== WHAT IS BEING ASKED ==
Down to the last line, transcribe the records verbatim and exclude the images.

== MATERIAL SUPPLIED ==

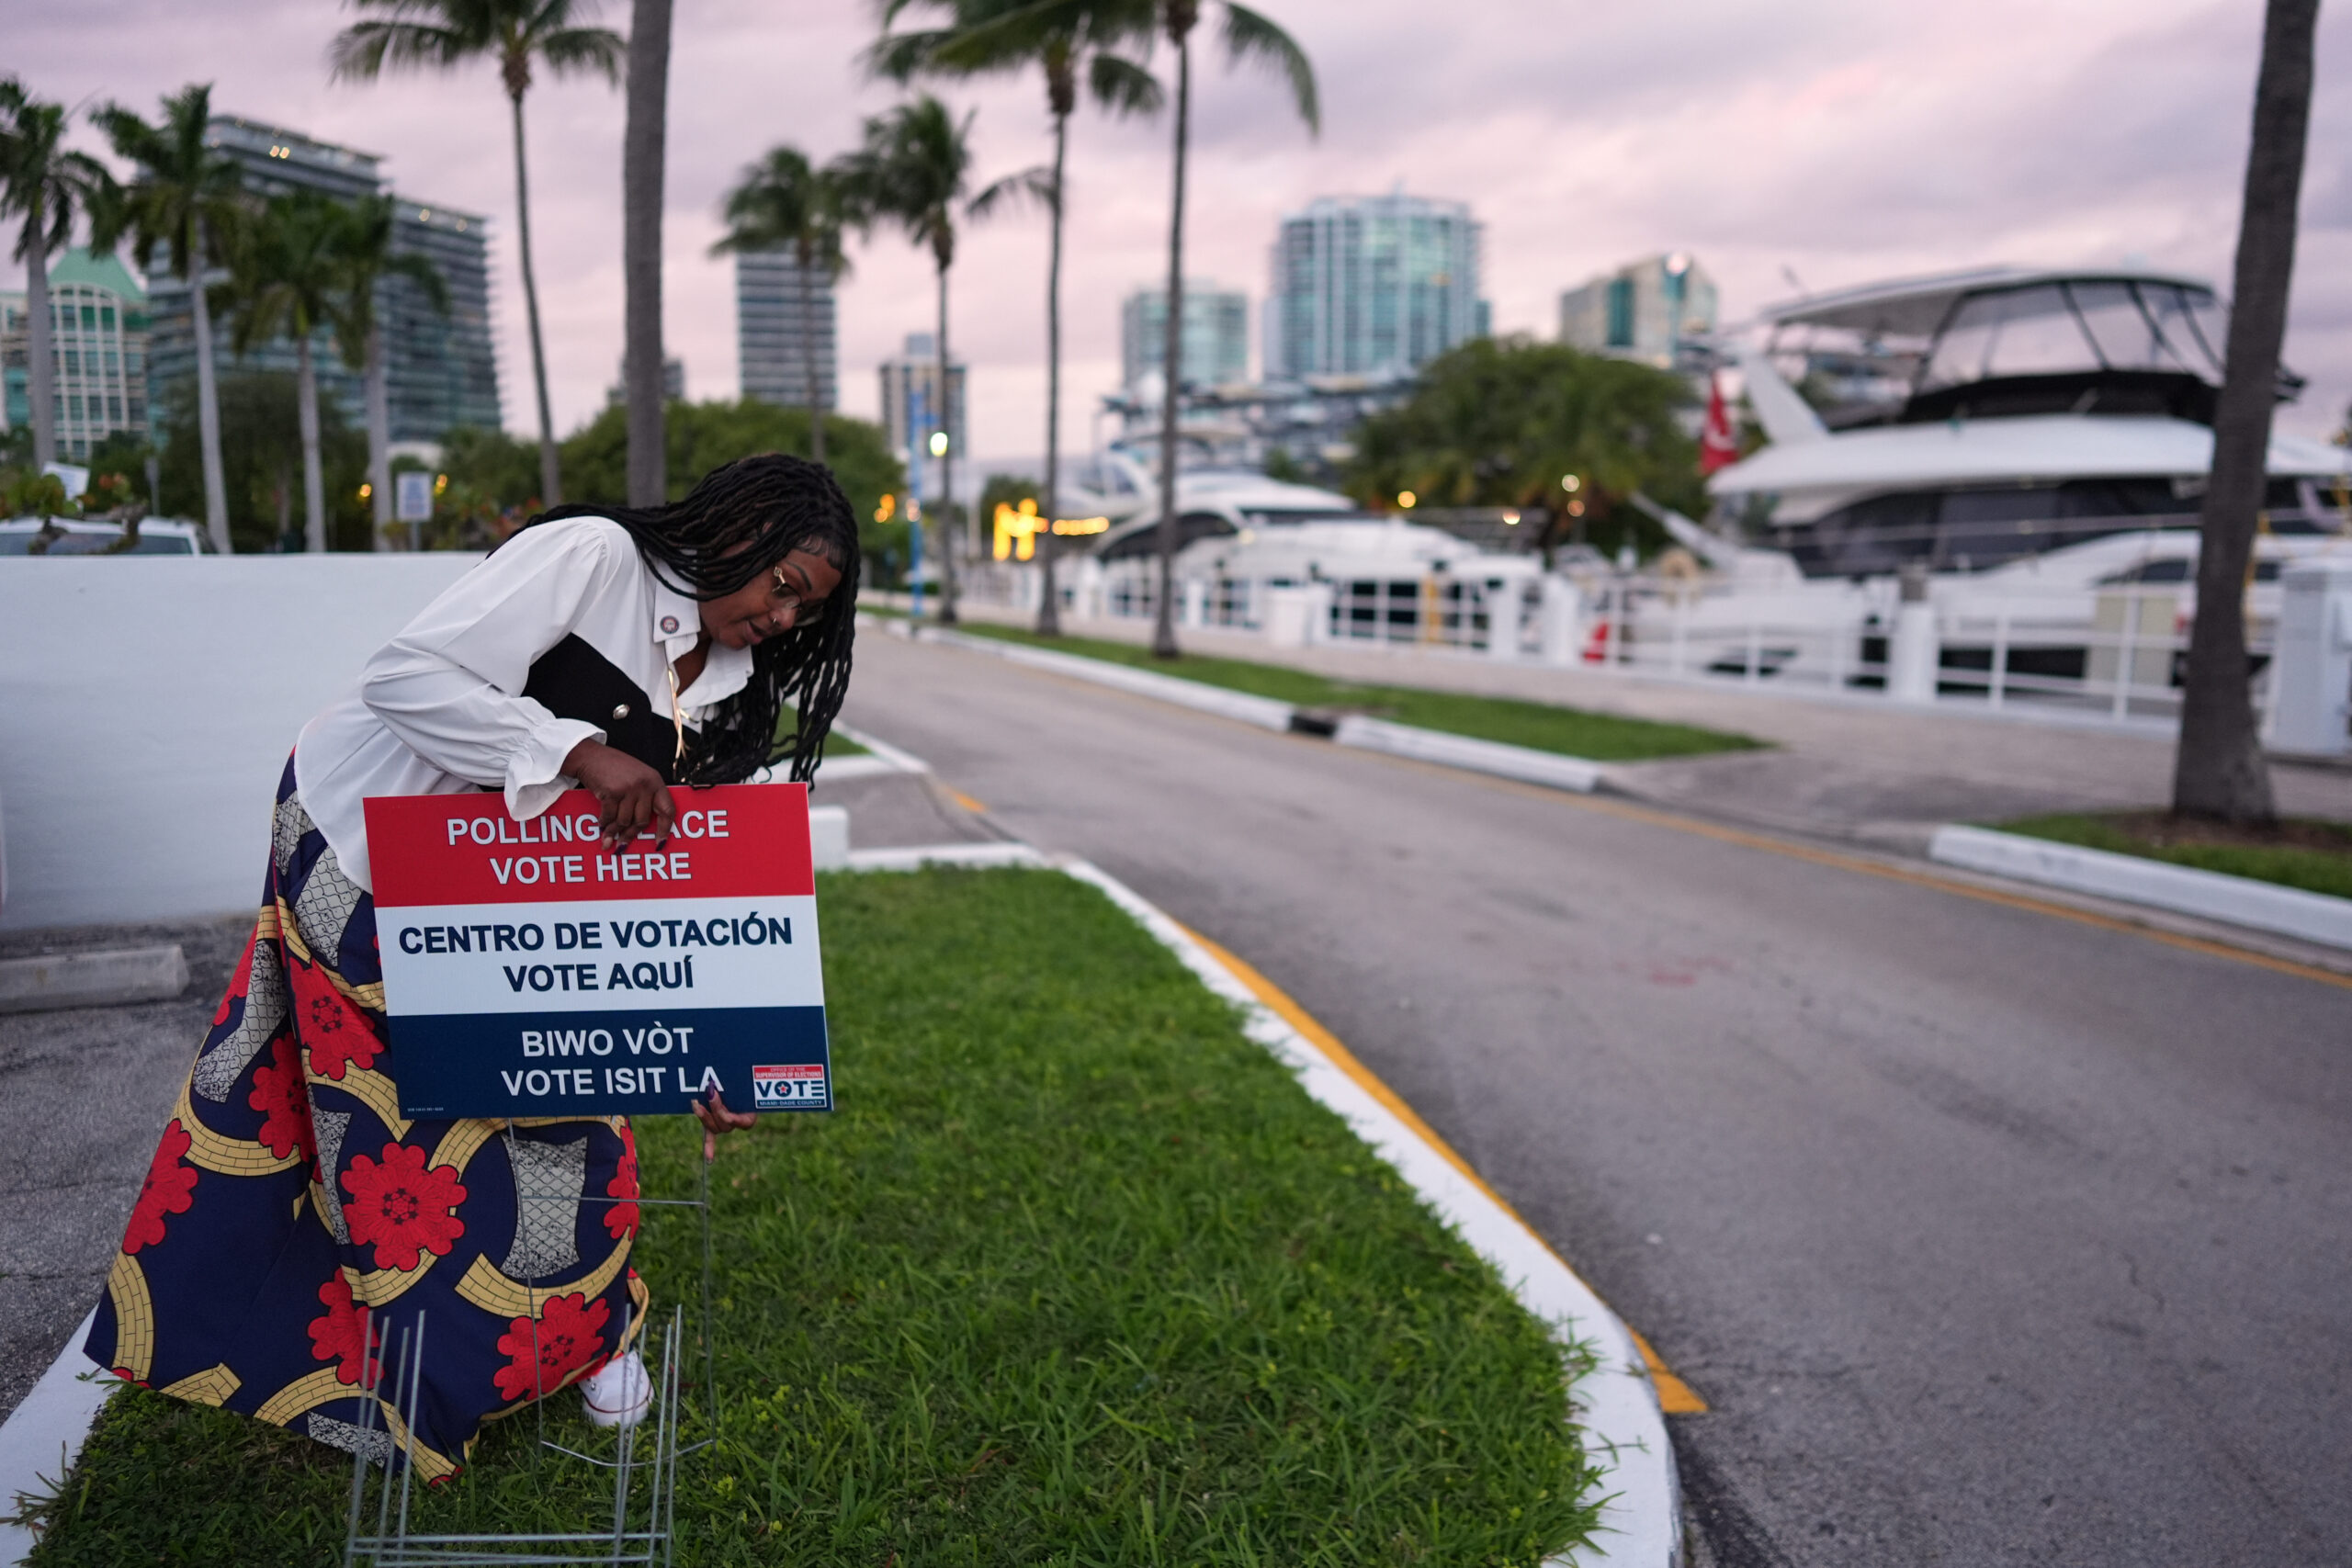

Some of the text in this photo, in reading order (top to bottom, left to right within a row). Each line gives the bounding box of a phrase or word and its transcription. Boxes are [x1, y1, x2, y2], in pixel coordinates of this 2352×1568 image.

[447, 813, 600, 846] POLLING
[490, 852, 692, 885] VOTE HERE
[399, 911, 792, 954] CENTRO DE VOTACIÓN
[503, 954, 694, 992] VOTE AQUÍ
[522, 1021, 694, 1057] BIWO VÒT
[500, 1066, 724, 1096] VOTE ISIT LA
[755, 1080, 825, 1098] VOTE

== RESPONSE ==
Some of the text in this photo, in reading order (top to bottom, left to right within a row). Each line gives the bounding box of a phrase or word and its transcription. Boxes are [x1, y1, x2, y2], in pixel coordinates of this 2352×1568 image.

[447, 813, 600, 846] POLLING
[490, 852, 692, 885] VOTE HERE
[399, 911, 792, 954] CENTRO DE VOTACIÓN
[503, 954, 694, 992] VOTE AQUÍ
[522, 1021, 694, 1057] BIWO VÒT
[500, 1066, 724, 1096] VOTE ISIT LA
[755, 1080, 825, 1098] VOTE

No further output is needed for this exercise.